The nurse obtains an electrocardiogram (ECG) rhythm strip for an adult client who is anxious about the results. The ECG shows that the heart rate is 90 beats per minute. Which statement should the nurse make to the client to relieve anxiety?
- A. The rate is normal.
- B. There is no need to worry.
- C. A slower heart rate is preferred.
- D. Medication specific to the problem will be prescribed.
Correct Answer: A
Rationale: A normal adult resting pulse rate ranges between 60 and 100 beats per minute; therefore, the rate is normal. The nurse would not tell a client not to worry. Options 3 and 4 indicate that the ECG is abnormal.
The nurse is obtaining a health history from an adolescent. Which statement by the adolescent indicates a need for follow-up assessment and intervention?
- A. When I get stressed out about school, I just like to be alone.
- B. I find myself very moody. I'm happy one minute and crying the next.
- C. I don't eat any fatty foods, and I've already lost 8 pounds in 2 weeks.
- D. I can't seem to wake up in the morning. I would sleep until noon if I could.
Correct Answer: C
Rationale: During the adolescent period, there is a heightened awareness of body image and peer pressure to go on excessively restrictive diets. The extreme limitation of omitting all fat in the diet and losing weight during a time of growth suggests inadequate nutrition and a possible eating disorder. The remaining options are normal behaviors or feelings that occur during adolescence.

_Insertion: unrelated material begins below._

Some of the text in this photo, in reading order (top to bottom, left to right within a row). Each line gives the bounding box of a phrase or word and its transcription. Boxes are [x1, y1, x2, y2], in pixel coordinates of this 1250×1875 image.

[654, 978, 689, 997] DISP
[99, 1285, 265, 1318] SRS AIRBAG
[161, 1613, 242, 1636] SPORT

A client has been prescribed imipramine. The nurse notifies the primary health care provider if which adverse effect to the medication is noted?
- A. Increased appetite
- B. Increased drowsiness
- C. Reported decrease in anxiety
- D. Increased sense of well-being
Correct Answer: B
Rationale: Imipramine is a tricyclic antidepressant that is used to treat various forms of depression and anxiety. The client is also often in psychotherapy while prescribed this medication. Adverse effects to report to the primary health care provider include drowsiness, lethargy, and fatigue. Expected effects of the medication include an increased appetite and time spent sleeping, a reduced sense of anxiety, and an improved sense of well-being.
The nurse on the cardiac unit notes that a client recovering from a myocardial infarction appears worried and irritable. The client says, 'I am worried about my business. I run a restaurant and am used to working 70 hours a week. I am worried about whether I will be able to handle the stress once I am back there.' Which response by the nurse is best?

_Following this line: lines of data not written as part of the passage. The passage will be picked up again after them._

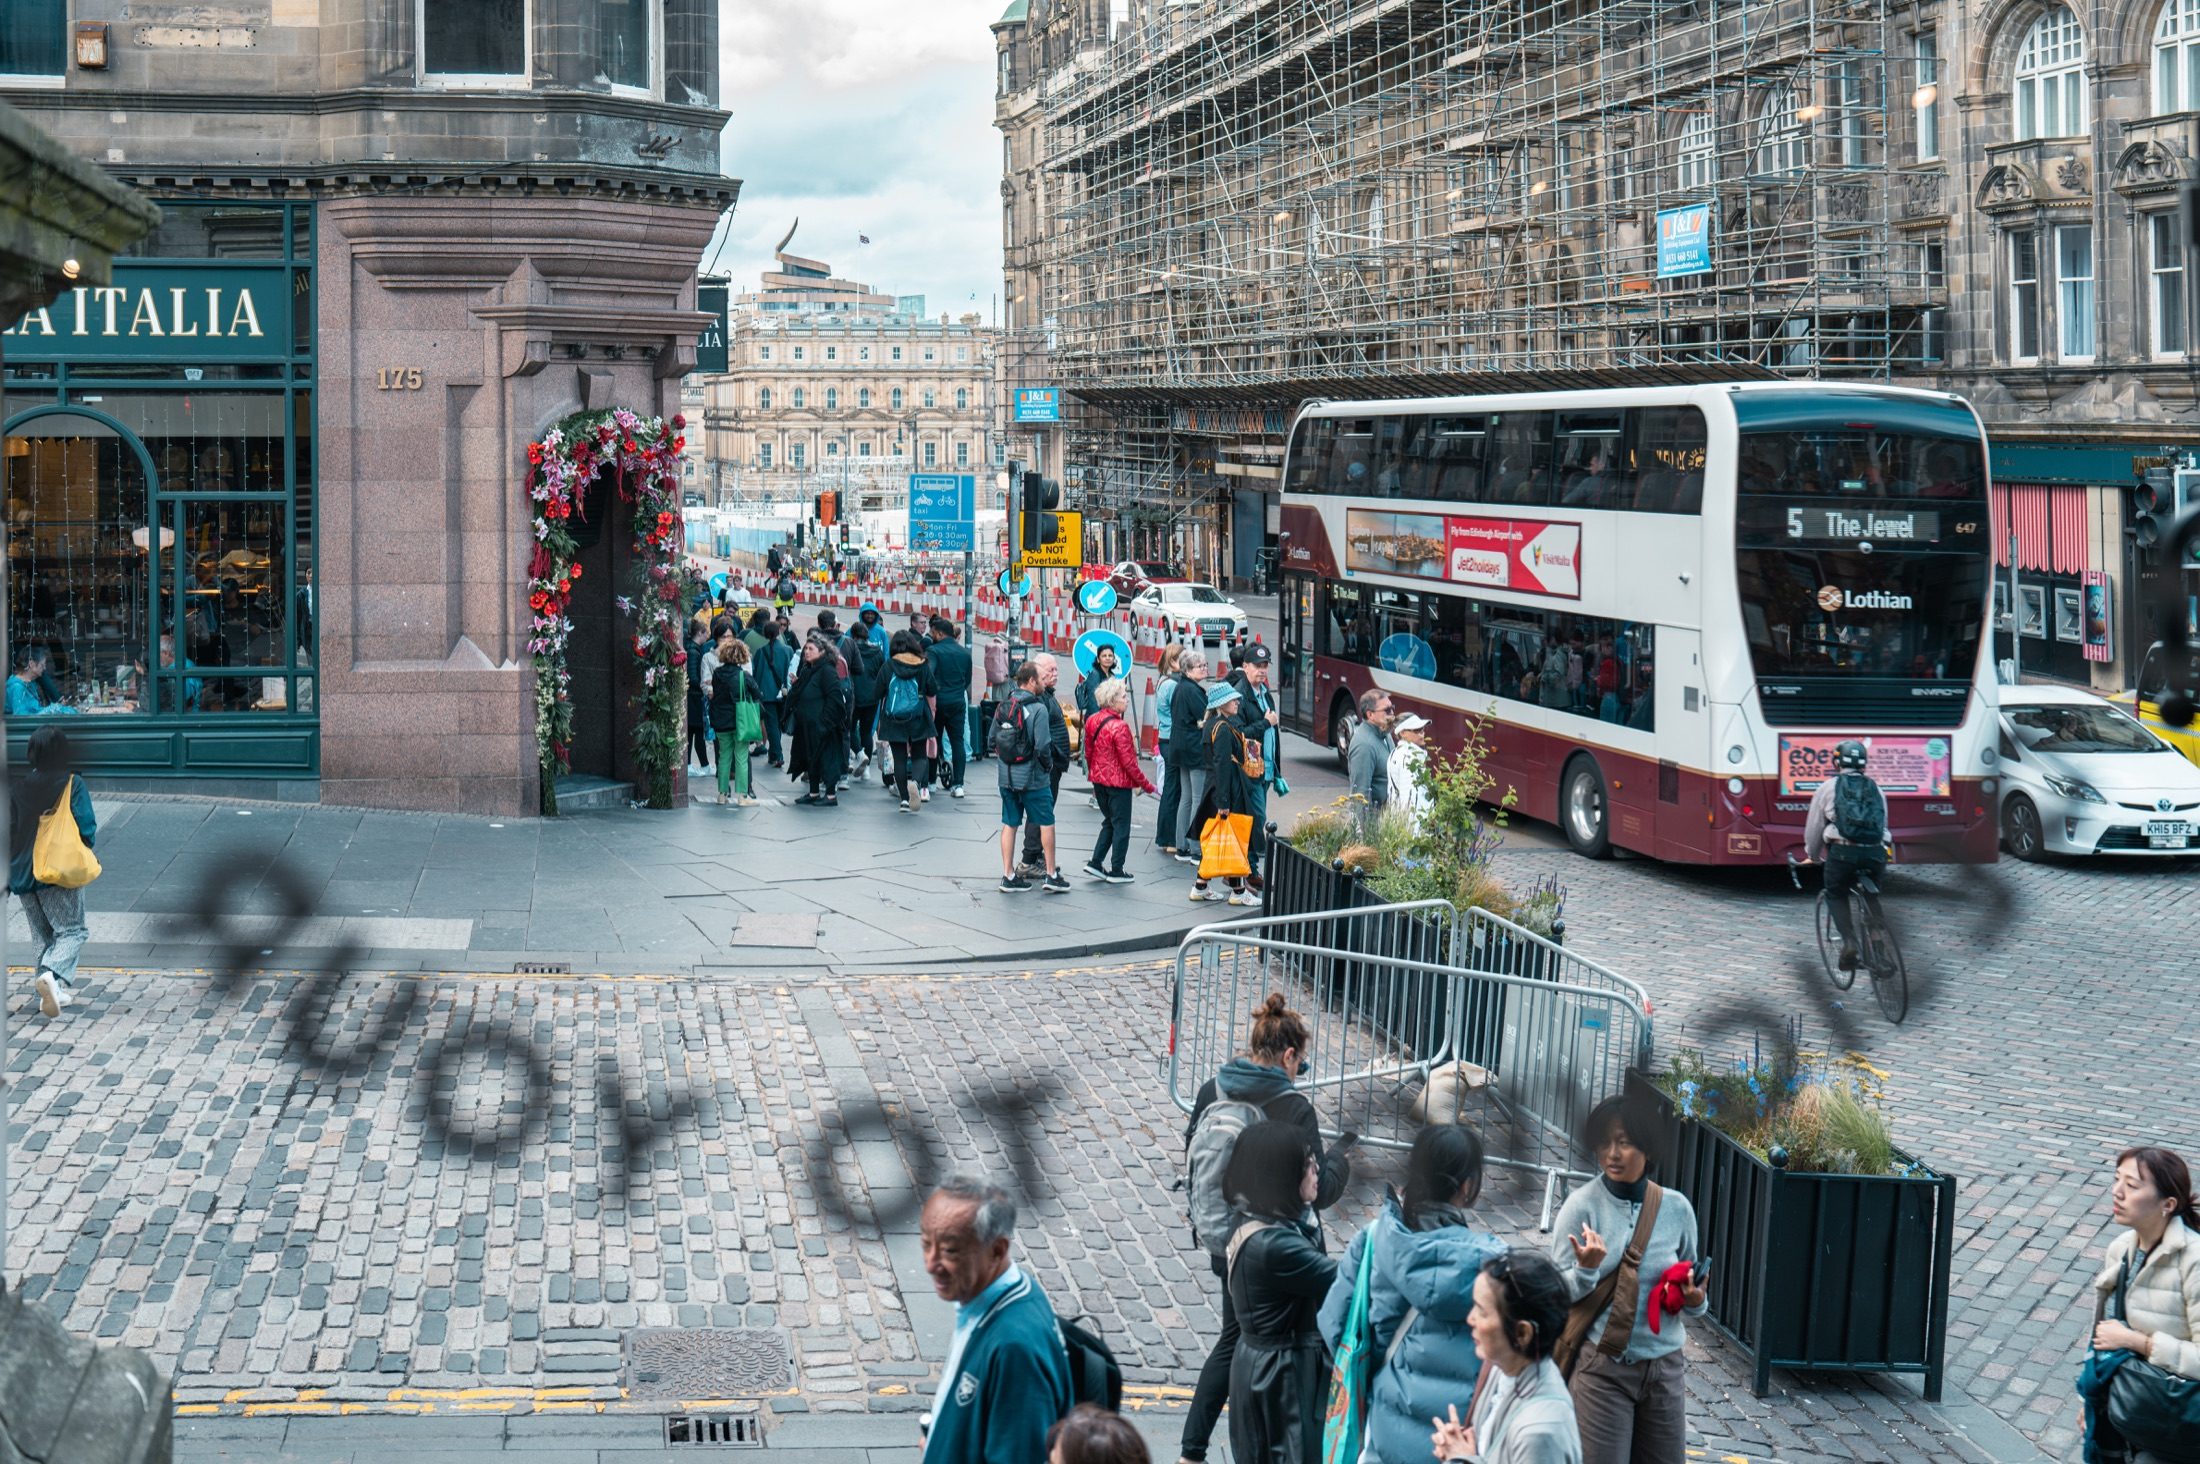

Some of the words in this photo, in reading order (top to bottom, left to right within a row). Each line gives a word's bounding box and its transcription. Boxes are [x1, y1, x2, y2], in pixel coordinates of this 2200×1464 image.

[1671, 212, 1692, 240] J&I
[72, 287, 264, 337] ITALIA
[377, 367, 422, 390] 175
[1027, 390, 1044, 403] J&I
[1787, 508, 1803, 538] 5
[1826, 512, 1861, 537] The
[1863, 513, 1914, 538] Jewel
[1955, 523, 1977, 533] 647
[1046, 546, 1064, 554] NOT
[1027, 557, 1068, 565] Overtake
[1333, 584, 1339, 599] 5
[1845, 590, 1912, 609] Lothian
[1789, 766, 1821, 778] 2025
[1775, 803, 1809, 812] VOLV
[2147, 824, 2170, 834] KH15
[2172, 824, 2191, 834] BFZ

- A. Give the client a list of complementary therapies related to relaxation and say, 'Pretend this is a menu. Which of these would you like to order for yourself?'
- B. You might find it interesting to attend the cardiac cooking class the dietitian gives before you are discharged.
- C. Who is supposed to be taking care of the restaurant while you are here in the hospital?
- D. Hand the client the television control and say, 'Sometimes when I have a lot on my mind, I watch a movie. It makes me feel better.'
Correct Answer: A
Rationale: Providing a list of relaxation therapies directly addresses the client’s stress concerns and empowers them to choose coping strategies, aligning with their expressed worries about returning to a high-stress job. Other options are less relevant to stress management.